Platelet-rich plasma (PRP) therapy is an exciting medical development currently in use in multiple fields—from orthopedist clinics to oral surgery offices in San Diego. PRP essentially magnifies your body’s own healing abilities to help you recover faster. If your oral surgeon agrees that PRP therapy is right for you, you’ll have a small amount of blood taken and processed. The platelet-rich plasma, which contains concentrated growth factors, is then reintroduced to the surgical site to support healing. dentist - repair

PRP for Fistula Repair

Fistulas are abnormal pathways between structures. An oronasal fistula is a pathway between the nose and the mouth. An oromaxillary fistula is a pathway between the roof of your mouth and one of the sinus cavities on either side of your nose. It’s possible to be born with a fistula, or it may develop from trauma or surgery, such as a cleft repair. Fistulas can also develop from oral abscesses. Your oral surgeon can perform a fistula repair to close off the hole. PRP therapy can play a vital role in fistula repair because it contains bone morphogenic protein (BMP). This protein encourages the formation of new bone tissue to heal the area.

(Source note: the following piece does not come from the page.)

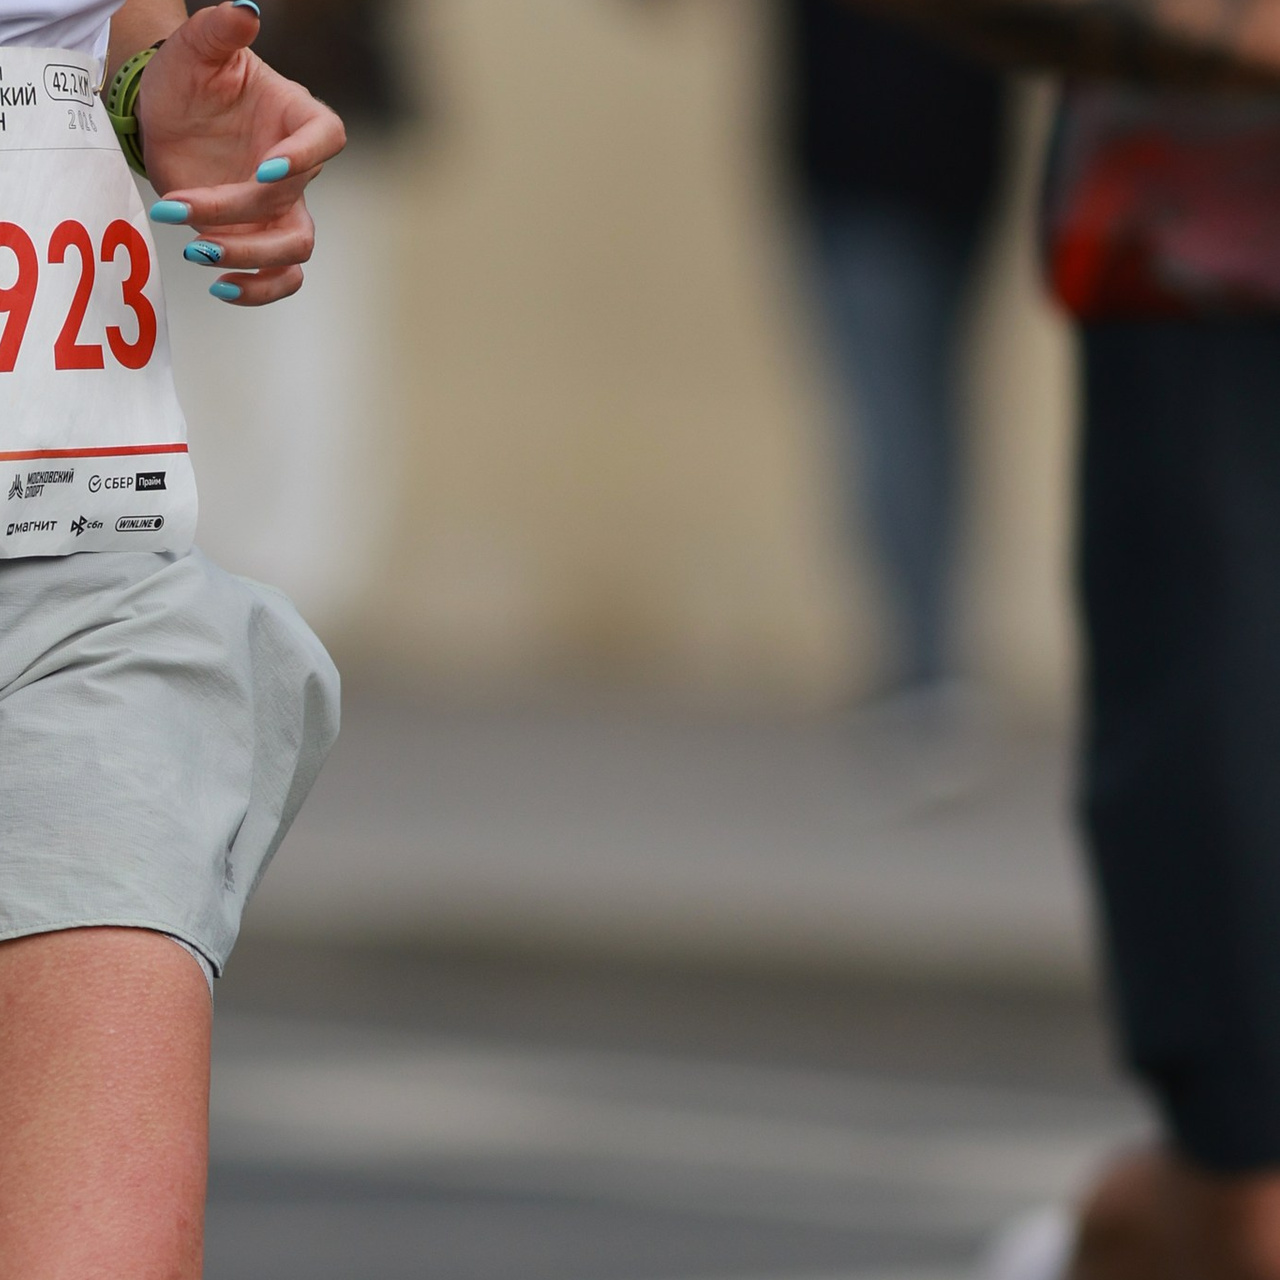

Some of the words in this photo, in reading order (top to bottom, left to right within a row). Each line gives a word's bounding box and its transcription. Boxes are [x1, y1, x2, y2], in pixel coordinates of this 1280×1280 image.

PRP for Bone Defect Repair

All medical treatments have the potential for complications, and oral surgery is no different. Sometimes, after the surgeon extracts an oral cyst or a failed tooth, a bone defect may develop. This refers to the deterioration of the bone mass. Bone defects can also develop as a result of periodontal disease, facial trauma, unanchored dentures, facial tumors, and teeth misalignment. Oral surgeons can use platelet-rich plasma to build up the deteriorated bone mass. The surgeon can saturate the area with PRP, and apply bone substitute materials to restore the integrity of the bone.

PRP for Dental Bone Grafting

Oral surgeons may perform bone grafting as a precursor to dental implant surgery. The bone graft adds mass to an area where the jawbone has deteriorated and is not capable of securely supporting an implant post. Your surgeon can use PRP therapy when placing the bone graft material to help strengthen the new bone tissue and heal the area more quickly.